Emotion

Hopelessness


Hahaha, my life… How wonderful it is! What a life!

Today I suddenly opened a sticky that I wrote few weeks ago when he straightforwardly sent me from heaven to hell. Enjoy reading it now…

Mim cuoi T nhe! Song chang de lam gi ca… Uh, ro rang song chang thay co gi thu vi. Du may chang muon lam gi, nhung van phai co gang lam xong nhung thu can lam. Hay la van cu hay co song de lam dau ban than may, de xem rot cuc thi may ban linh toi dau, gan goc toi dau, chiu dung duoc bao nhieu dau thuong, T nhe😉

Let smile, Thuong! Living is nonsense… Yeah of course, living is extremely boring. (However, you must keep surviving) Even though you want to do nothing, you still have to accomplish what you need to do. Or you can think this way, living is just to hurt yourself, to see how strong you are, how brave you are, and how much pain you can bear eventually, Thuong😉

Hahaha!!! Today is a beautiful rainy day. There were lightnings and thunders earlier this morning too ^^ Well, thanks for the weather, you did a great job trying to maximize my sadness and loneliness. I really appreciate your kindness.

Just recognize how funny my life is… It’s like a big circle running around. Too complicated with too many knots

The person I love does not even know who I am…

The person I like does not pay any attention to me…

The person I want to talk to did not reply my text message…

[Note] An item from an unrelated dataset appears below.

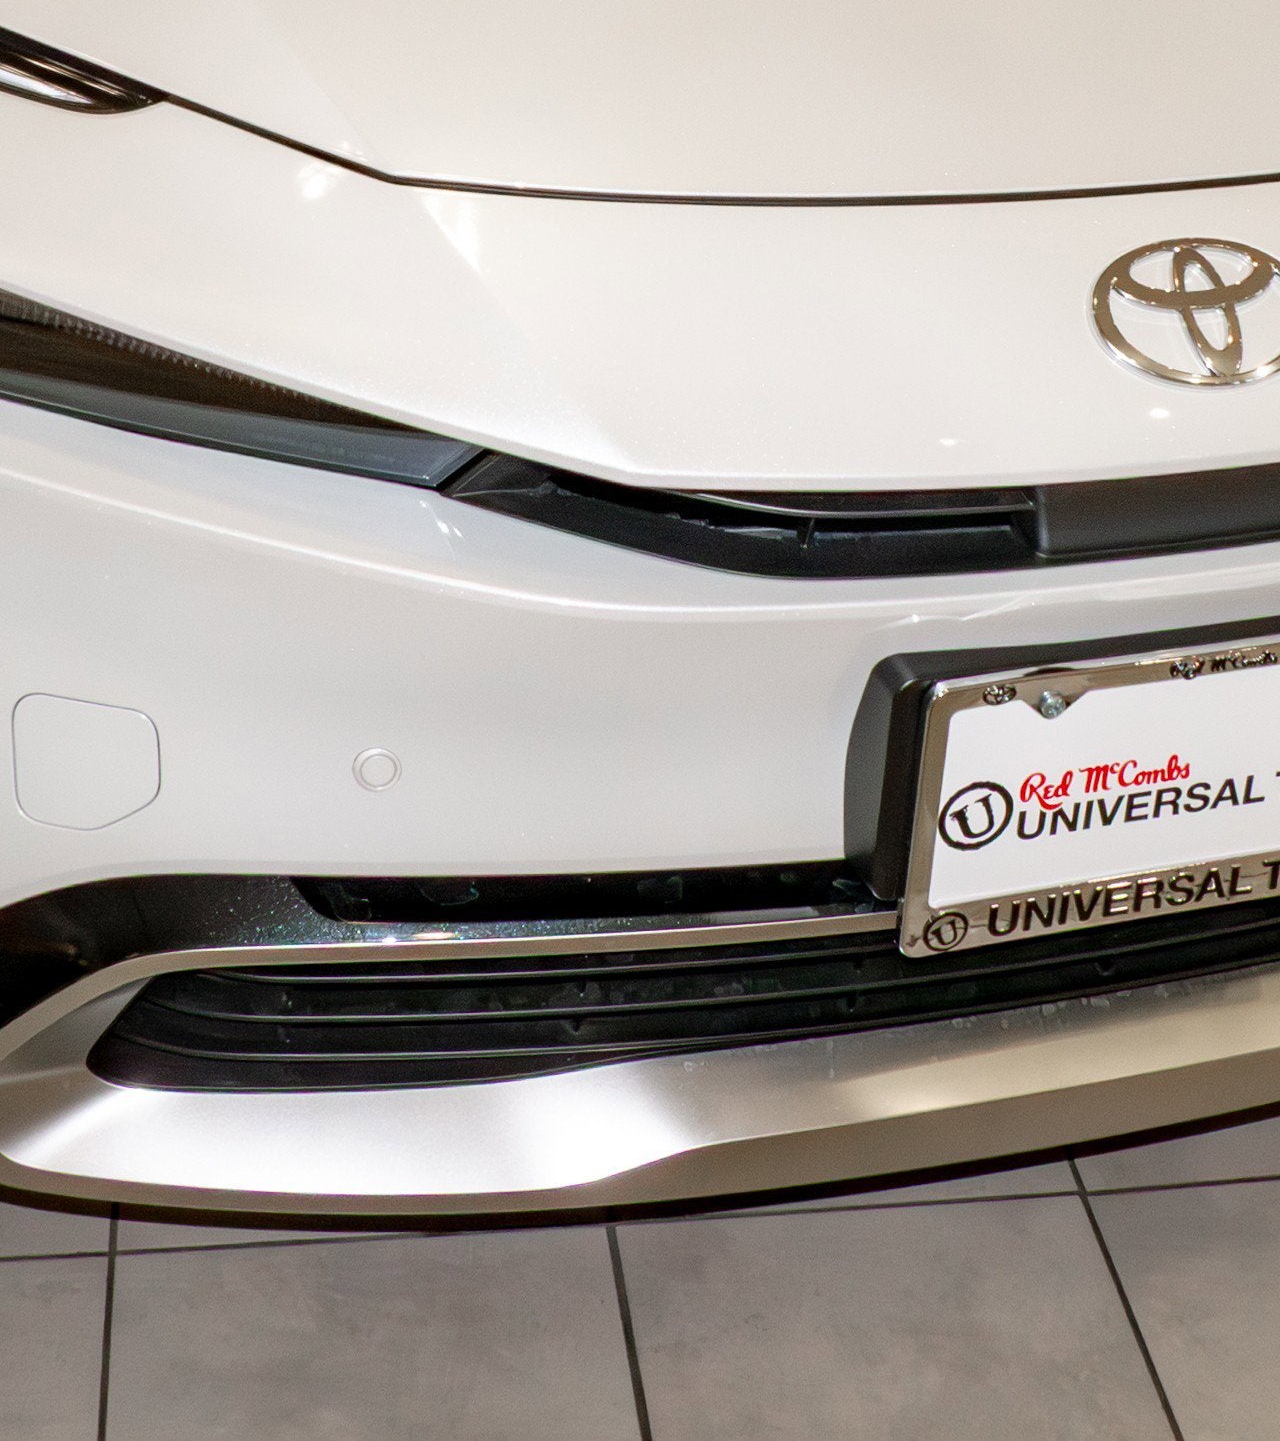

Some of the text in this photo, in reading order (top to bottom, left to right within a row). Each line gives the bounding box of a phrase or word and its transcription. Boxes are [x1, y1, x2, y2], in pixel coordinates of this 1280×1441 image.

[1016, 777, 1265, 841] UNIVERSAL
[1019, 754, 1191, 811] Red McCombs
[986, 865, 1253, 938] UNIVERSAL

The person who I do not expect to text me did text me everyday…

The person who I do not expect to like me keeps chasing me after years…

What should I do? Give up? I’m afraid of seeing the person I’m truly in love with because…

And I have no confidence that the person I like still cares about me. Haha, the best thing I could do now is giving up.

I wish, I wish, I wish… I could cry. What a person does when she needs to cry? I don’t know. To me, crying is good, kind of like an emotion release. I do not cry because I’ll get over my melancholy afterward, but because I need to get some feelings out and enjoy sadness. Sometimes even crying cannot make me feel better. Fortunately, I still feel the pain in my heart, I can feel the tears… My eyes just can’t cry. Is that because they’re out of tears?

At this moment, I don’t have any hope, expectation or dream. I was happy if I thought I would be able to see him tomorrow. But right now, that type of hope does not exist any more. My heart is dead. It does not feel anything, any kinds of emotions…

Empty…

I do not have any reason to keep trying. You do not and will not belong to me ever ever ever… in this life. Why should I hold on? Why do I still want you to be with me? Why would I rather stand pains than lose you?

Okay, I’ll hide my feelings for you deep inside my heart, so nobody would know… I have enough loves and pains for my whole life already! No more, no more tragedy…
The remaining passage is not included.